The improvement of the domain-agnostic BioTranslator over the domain-specific ProTranslator motivates us to further evaluate BioTranslator on other applications. We then sought to study how BioTranslator can be used to advance cell type classification through translating text to gene expression data. Here, we obtained the single-cell RNA-seq data from Tabula Muris¹⁰, Tabula Sapiens¹¹, and Tabula Microcebus¹², and the textual description of cell types from the Cell Ontology³⁹. We held out all cells of a specific cell type in the training data and asked BioTranslator to identify these cells using only the textual description of this cell type, simulating the process where users want to find cells of a novel cell type by only providing a short textual description (Fig. 3a–c, Supplementary Fig. 11). Almost none of the state-of-the-art cell type classification methods are able to classify cells to a novel cell type without knowing any of its cells or marker genes. In contrast, our method, using only a short textual description, obtained 0.90 AUROC on average when 50% of the cell types were unseen. After confirming the superior performance of BioTranslator in the cross-validation setting, we next evaluated the more applicable but also more challenging cross-dataset classification setting (Fig. 3d, e). We used BioTranslator to perform cell type classification across eight different datasets and again observed a prominent result using BioTranslator. For example, the AUROC on unseen cell types was >0.90 when trained on Tabula Sapiens and tested on Tabula Microcebus. Taken together, these results confirm that BioTranslator can annotate novel cell types with high accuracy across datasets by using only a concise textual description and no access to marker genes.

Fig. 3: Performance of BioTranslator on annotating novel cell types.

a–c Bar plots comparing BioTranslator to existing methods in terms of AUROC in Tabula Muris (Droplet), Tabula Microcebus, and Tabula Sapiens. x-axis shows the proportions of unseen cell types in the test set. Error bar shows the standard error in 5-fold cross-validation. Center of the error bar is the mean value. d, e Heatmaps showing the performance of BioTranslator in cross-dataset validation, in terms of AUROC on all cell types (d) and AUROC on unseen cell types (e). Columns are the test set and rows are the training set. f Bar plot showing the AUROC performance of marker gene identification on seen cell types and unseen cell types. n = 9, 10, 6, 7, 9, 5, 13 seen cell types examined on Tabula Muris (Droplet), Tabula Muris (FACS), Tabula Sapiens, Tabula Microcebus, Lemur1, Lemur2, Lemur3, and Lemur4. n = 12, 7, 9, 6, 13, 8, 9 unseen cell types examined on Tabula Muris (Droplet), Tabula Muris (FACS), Tabula Sapiens, Tabula Microcebus, Lemur1, Lemur2, Lemur3, and Lemur4. Error bar represents the standard error across the examined cell types and the center of the error bar is the mean value. g Bar plot comparing the performance of BioTranslator using cell type textual descriptions to the performance using cell type names. Error bar is the standard error in fivefold cross-validation. Center of the error bar is the mean value. h Cell type marker gene network constructed using the textual embeddings from BioTranslator. Eight communities are detected and each is associated with a GO term using text-based GO enrichment.

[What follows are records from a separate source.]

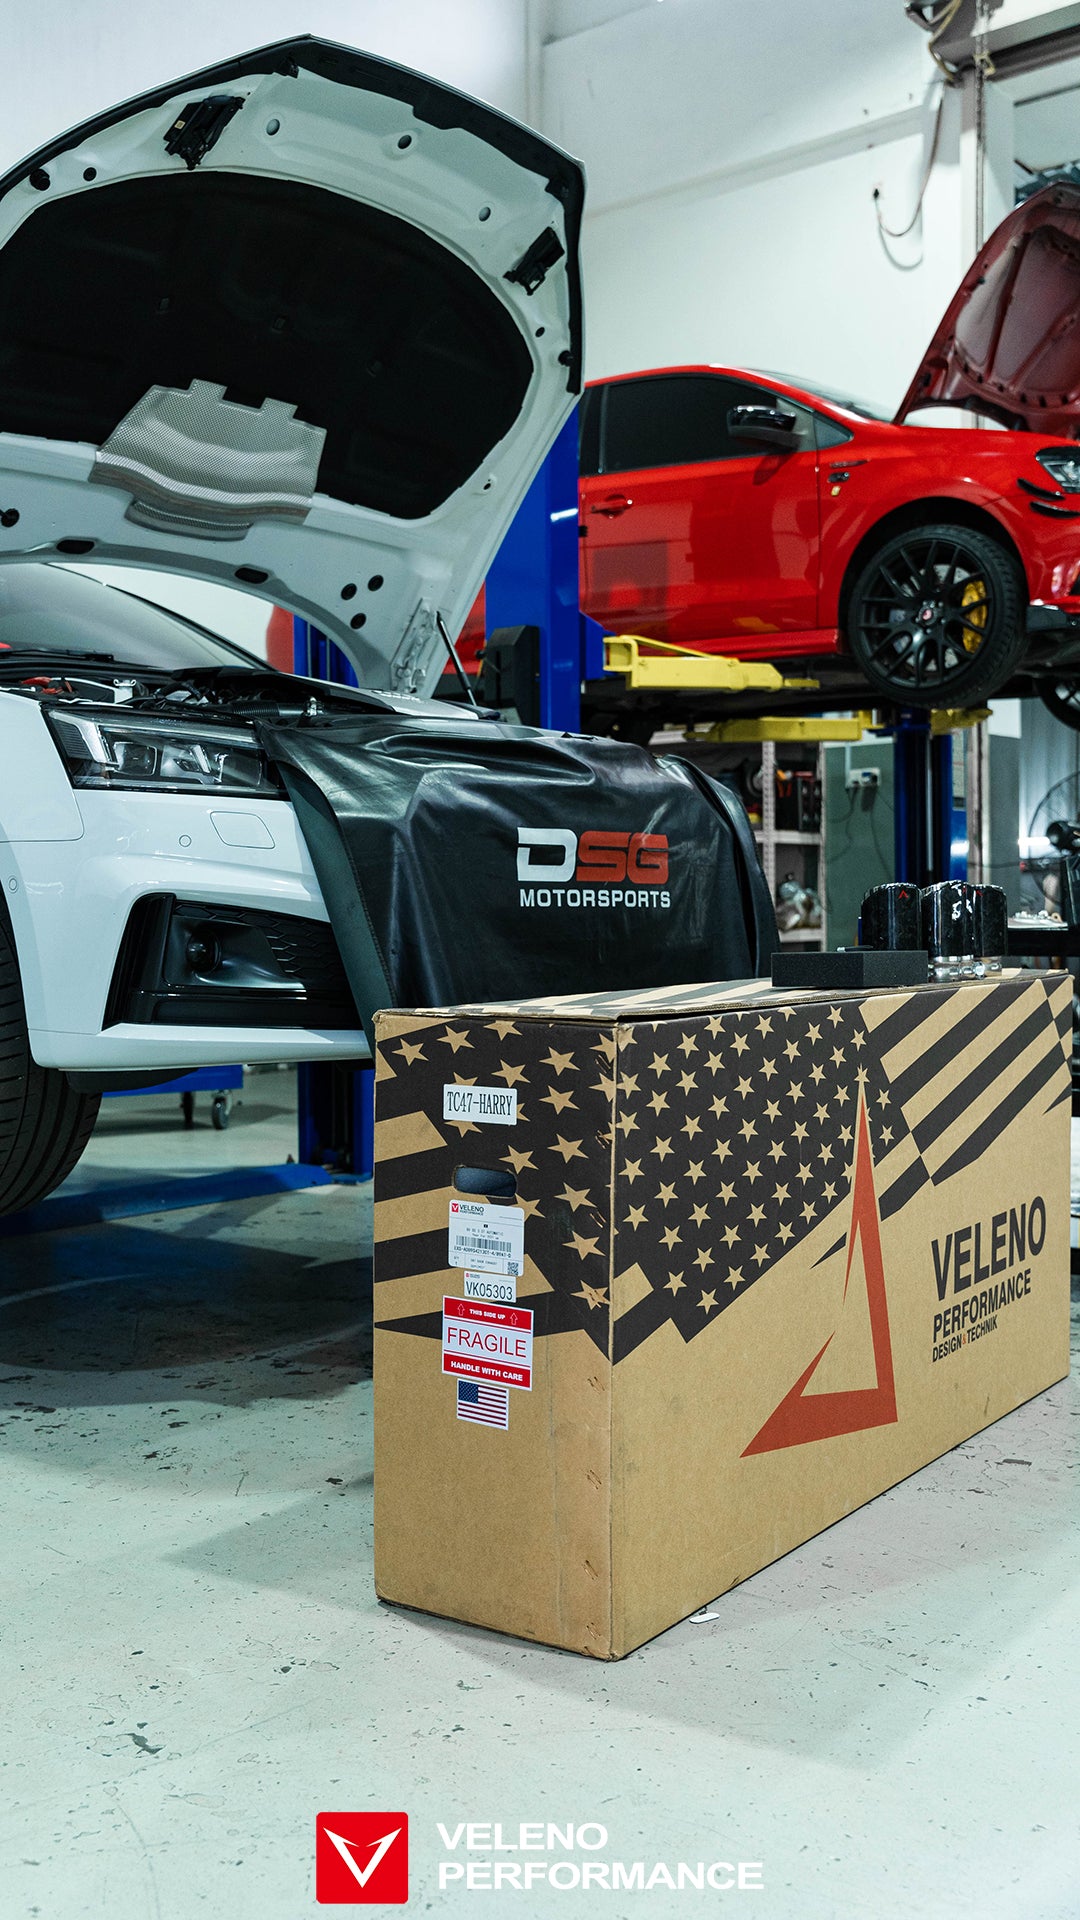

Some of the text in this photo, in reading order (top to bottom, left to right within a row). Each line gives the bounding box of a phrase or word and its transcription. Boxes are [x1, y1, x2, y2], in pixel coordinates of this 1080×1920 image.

[517, 827, 669, 885] DSG
[519, 889, 671, 908] MOTORSPORTS
[447, 1091, 513, 1115] TC47-HARRY
[459, 1204, 485, 1212] VELENO
[931, 1195, 1047, 1302] VELENO
[466, 1281, 513, 1300] VK05303
[469, 1308, 483, 1317] THIS
[483, 1311, 497, 1319] SIDE
[933, 1268, 1031, 1343] PERFORMANCE
[447, 1326, 527, 1358] FRAGILE
[450, 1360, 524, 1382] HANDLE WITH CARE

Next, we investigated whether our method can identify marker genes for the cell type that we have never seen in the training data using only its textual description. A recent method OnClass⁷³ can identify marker genes for all cell types in the Cell Ontology using only the Cell Ontology hierarchical graph³⁹. Despite its successful applications, OnClass requires that cell type to be one of the controlled vocabularies in the Cell Ontology. In contrast, BioTranslator can accurately identify marker genes for a cell type that is not in the Cell Ontology, as long as users have provided a textual description for it, substantially expanding the scope of cell type discovery (Fig. 3f). By using the gene embedding learned in the protein function prediction as gene representation, BioTranslator can also accurately identify marker genes (Supplementary Fig. 12). We further examined the performance of using cell type names instead of textual descriptions and observed a slightly worse but still prominent performance, indicating the robustness of our method when only less informative user-written text is available (Fig. 3g, Supplementary Fig. 13).

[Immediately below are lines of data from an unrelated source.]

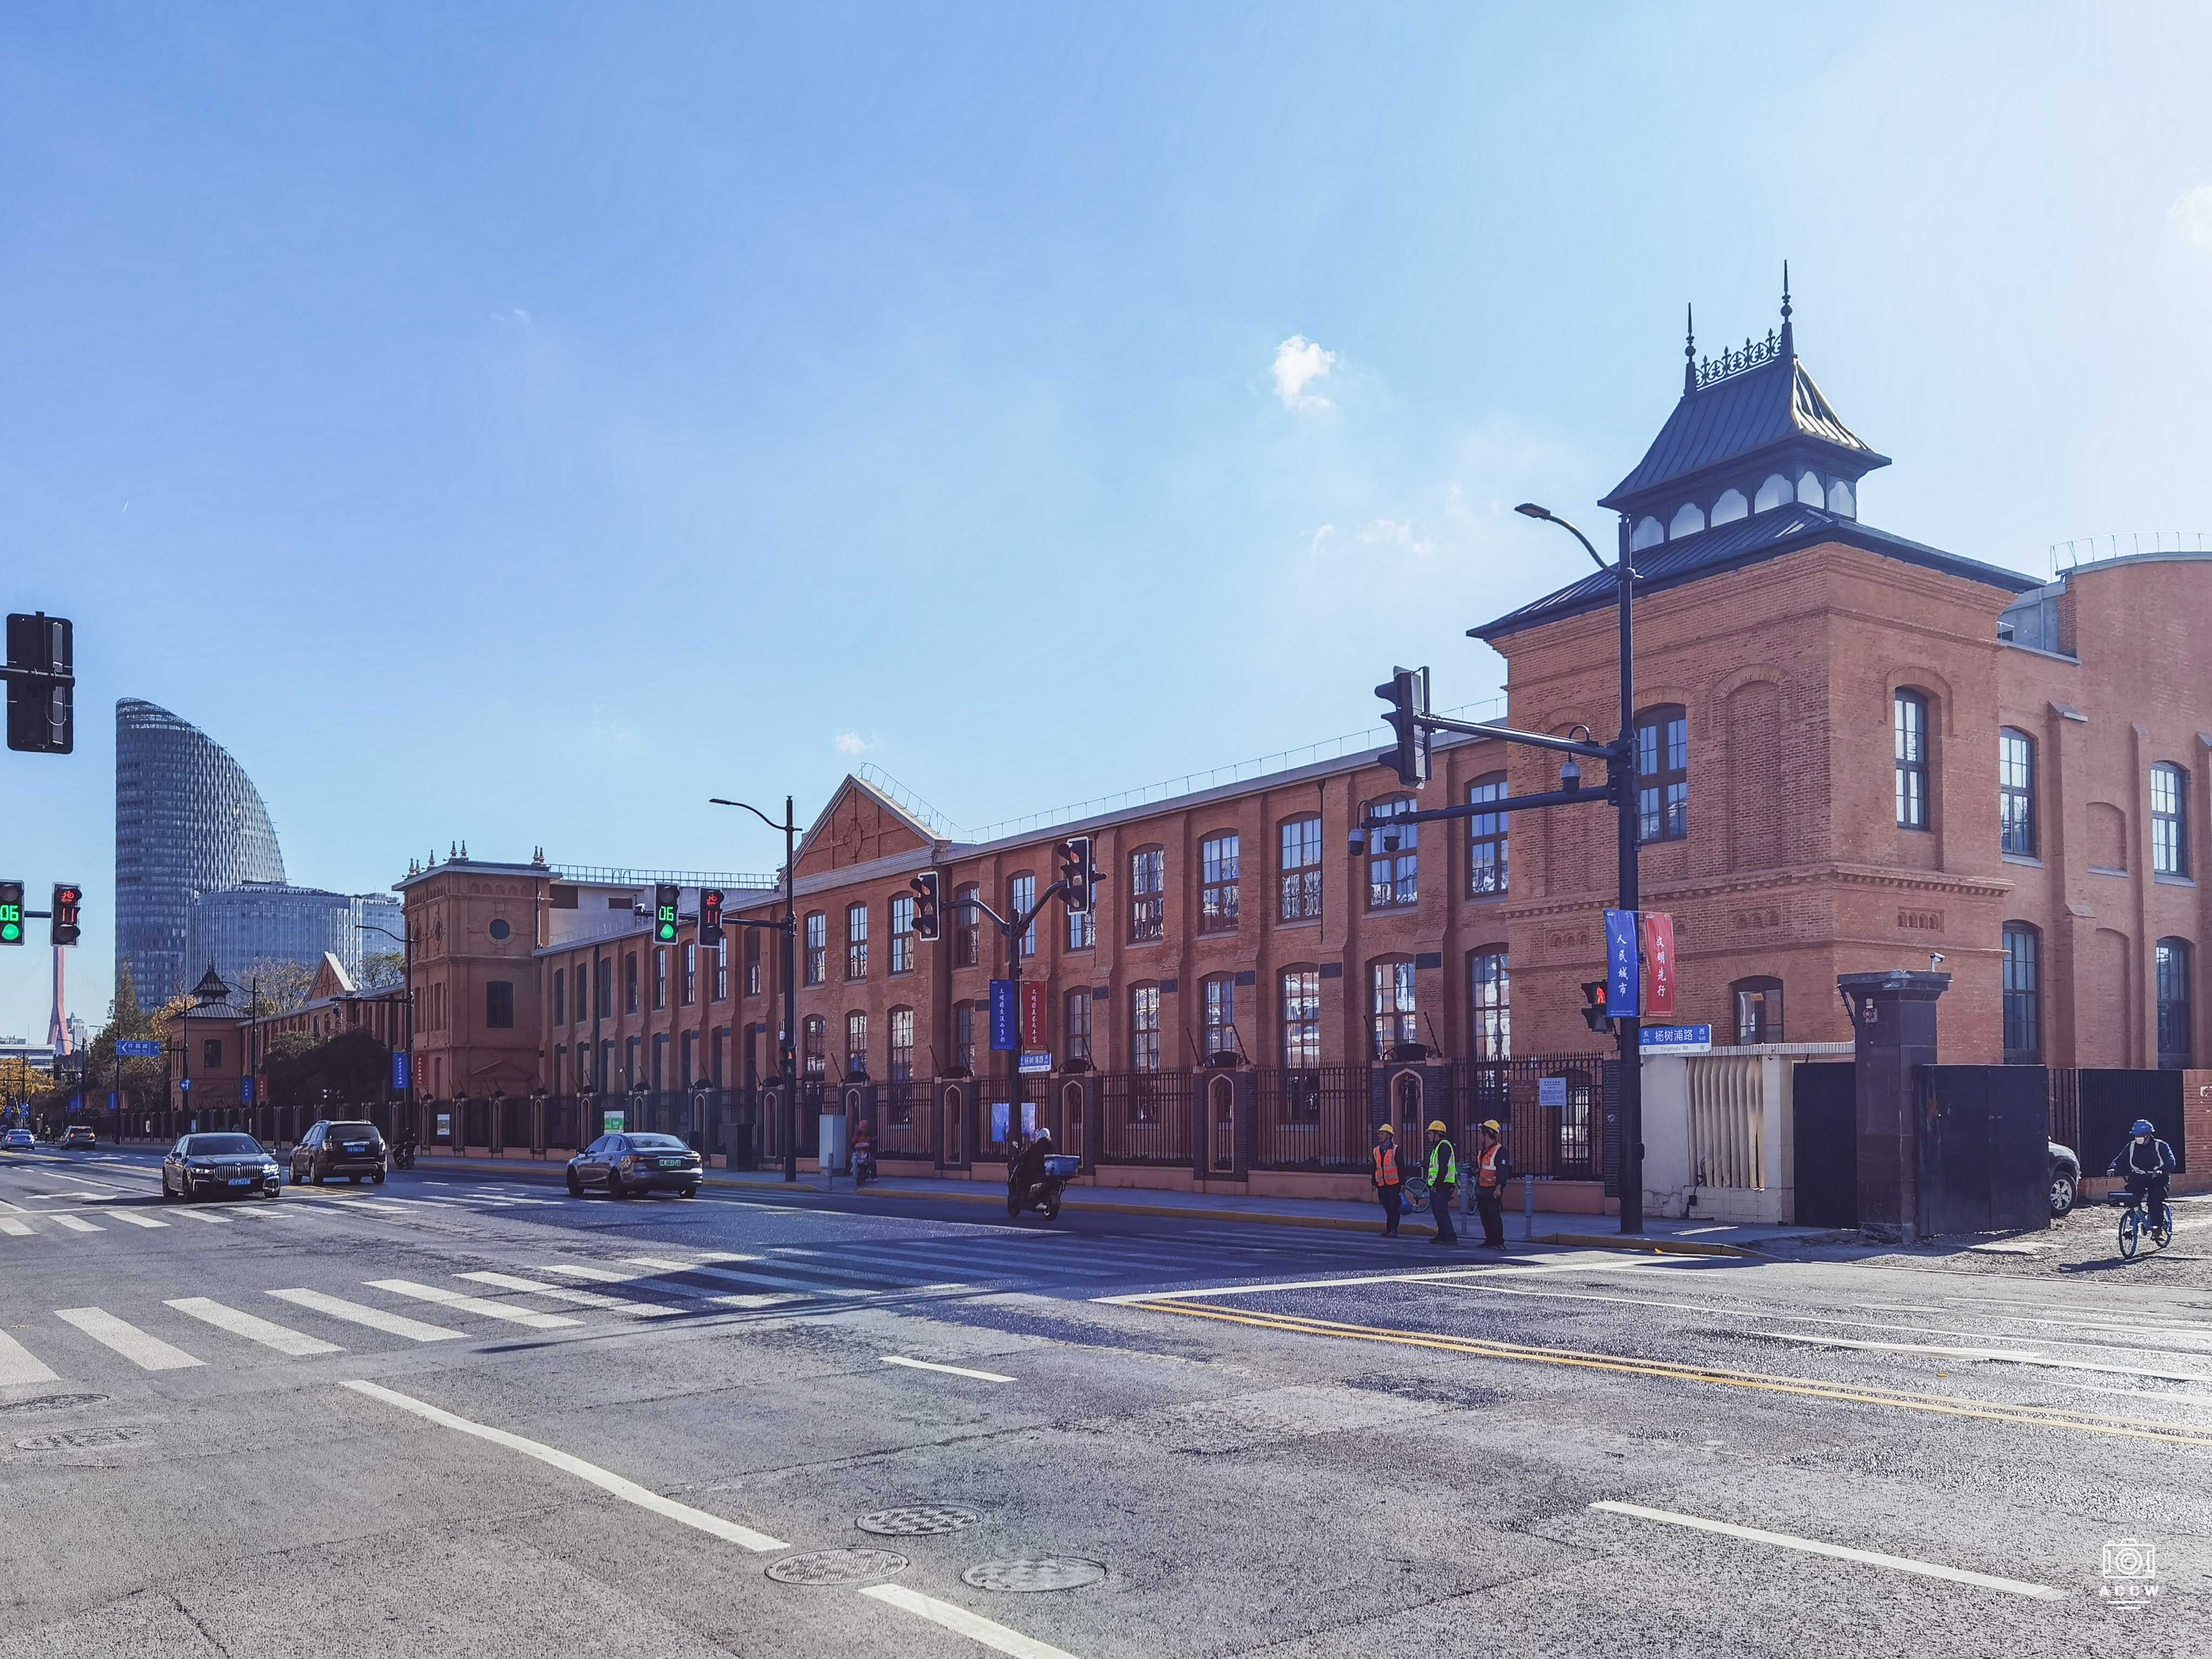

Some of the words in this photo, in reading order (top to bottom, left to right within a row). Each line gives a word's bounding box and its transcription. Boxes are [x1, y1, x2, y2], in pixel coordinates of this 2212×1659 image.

[0, 905, 19, 921] 06
[62, 908, 75, 922] 11
[659, 906, 674, 921] 06
[707, 910, 718, 924] 11
[1616, 934, 1628, 997] 人民城市
[1656, 936, 1667, 997] 文明先行
[1655, 1029, 1693, 1042] 杨树浦路

Finally, we construct a cell type marker gene network using the textual embeddings derived from our method (Fig. 3h). In this network, each node is a cell type or a gene and each edge connects two nodes that have similar textual embeddings. Notably, this text-based comparison enables us to directly assess the similarity between nodes of different types, such as a cell type and a gene. By using the path distance on this cell type marker gene network, we are able to obtain a 0.82 AUROC in identifying marker genes. We used a text-based node set enrichment analysis approach to find the enriched GO term for each community in the network. For example, the proT cell type is in a community that is enriched with cytokine production⁷⁴, and many of its identified genes, such as RAG1, CD3E, CD44, and ID2, can be verified by literature^75,76,77,78. This cell type marker gene network enables users to query and visualize marker genes using textual descriptions.

BioTranslator enables prediction between modalities without paired data

One critical improvement of a multilingual translator over a bilingual translator is the ability to translate between two languages through a third language, thus circumventing the requirement of paired corpora between all language pairs. To verify the benefit of our multilingual translator, we investigated whether BioTranslator can achieve accurate predictions between two modalities without paired data. Specifically, we used BioTranslator to co-embed drugs, phenotypes, genes, and pathways into the low-dimensional space using their associated textual descriptions (see Methods). We then predicted drug-target interaction, phenotype-gene association, and phenotype-pathway association using independent sets of drugs and phenotypes that we have never seen textual descriptions for (Fig. 4a, b).

Fig. 4: Performance of BioTranslator on prediction without paired data.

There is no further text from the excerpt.